Ida’s dodge and my magic were enough to move the boulder off course. It slammed into the road to our right and disintegrated into hundreds of pieces, the force of the crash felt even through the floor of the car. The car fishtailed a bit from the sudden maneuver before Ida got it under control again.

“Where the fuck did it get a boulder?” Alice asked, eyes wide.

A sudden anger flooded me. I’d largely fallen back into my reactive mindset when we were attacked, similar to what happened last year on the cruise. Fuck that and fuck them.

“Take us into the hills,” I said.

Ida nodded and started scanning the roads we were passing. Alice suddenly pointed. “There!”

Ida dodged a minivan before swinging the car around and going up a two-lane road that only had a few buildings here and there. I noticed some horse paddocks in a couple of properties. A few seconds later, the truck came crashing onto the street, ignoring the intersection for a shortcut of going right through a house. Oh, Christ. I hope no one was home.

As we raced down the road with the truck slowly gaining, I pulled out the Webley and reloaded it. I took the three bullets I hadn’t fired yet and stuffed them in my pocket, pulling out one of the speed loaders I have been keeping on me since leaving Alice’s place. I almost took the time to collect the spent brass, but discarded them as I placed the speed loader (it’s harder to get .455 ammo than regular .45). I snapped the breach closed and felt the gun practically hum with anticipation.

“Breaking a window,” I said.

The next moment, the rear windshield exploded out as my magic forced the glass from its housing along with the cage above the back seat, which I assumed was there to keep suspects from damaging the glass. I aimed the Webley down the road at the truck, bracing my arms against the back seat.

But just as I was getting ready to fire, the things on the back of the truck suddenly lurched forward and my danger sense warned me. I threw out my magic with a grunt, solidifying it into a multi-layered defense. It wasn’t enough.

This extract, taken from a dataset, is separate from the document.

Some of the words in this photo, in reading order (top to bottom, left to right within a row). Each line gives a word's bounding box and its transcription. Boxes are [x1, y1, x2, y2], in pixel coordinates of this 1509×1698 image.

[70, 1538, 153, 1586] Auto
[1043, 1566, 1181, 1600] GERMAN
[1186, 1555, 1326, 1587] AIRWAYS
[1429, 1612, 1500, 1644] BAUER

Every time that thing fired, the projectiles seemed to get stronger by an order of magnitude. The first spike hit my shield with more power than all the bullets of the cops combined, making me strain. The second and third felt like cannonballs. I quickly changed the shape of the defense to angle the force away, but I wasn’t in time for the fourth spike. It slammed into my defenses and I groaned, barely keeping up the shield. The fifth hit the plane at an angle and skittered off to the side.

The sixth broke through.

Pain exploded in my abdomen as the spike broke my telekinesis, punched through the trunk of the cop car, through the backseat before embedding itself into the side of my belly. I screamed and fell back against the cage separating the front and back of the car.

“Colm?!” Ida said, looking in the rearview.

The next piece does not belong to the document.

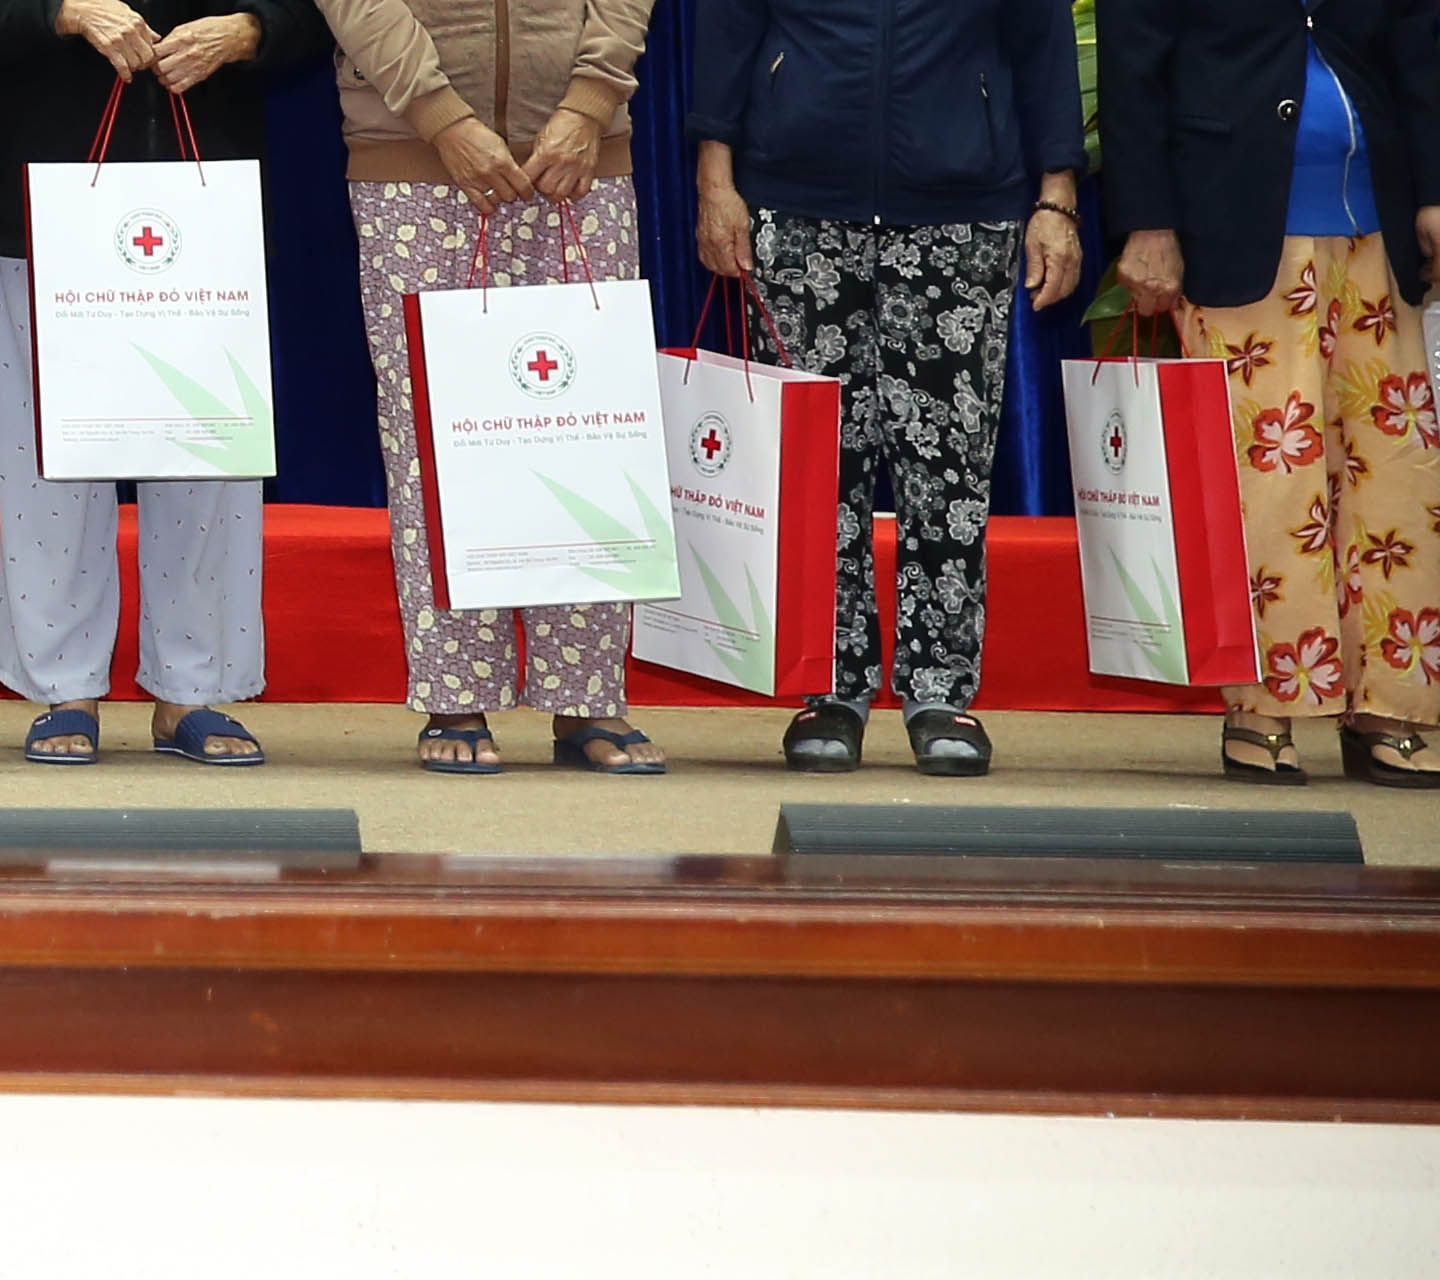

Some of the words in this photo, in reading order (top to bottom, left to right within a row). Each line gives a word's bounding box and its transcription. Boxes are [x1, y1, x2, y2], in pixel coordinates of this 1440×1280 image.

“Are you okay?” Alice said, then gasped when she saw what was wrong. Bogo was whining.

I growled through my teeth and got up awkwardly, pain lancing up my side as the movements forced me to use my core muscles. The low growl I was making became a roar as I fought through the pain and once again drew a bead on the truck, which had gained significantly with Ida’s distraction.

“Fuck you,” I said and squeezed the trigger again and again, in half-second intervals.

The first shot connected next to the new growth, blowing a chunk out of the top of the truck. The second shot went just below that. The truck tried to break away after the second shot, but I followed it, putting two more shots into its side as it crashed off the road and out of the side, my final shots digging small craters into the road.

“Pull over!” I yelled.

The girls flinched at the double harmonic that had crept into my voice. Ida complied, sliding the car to a stop. I scooted to the door, but it wouldn’t open. I realized I was in a cop car and tore the door off the car with my magic, my rage making me impatient.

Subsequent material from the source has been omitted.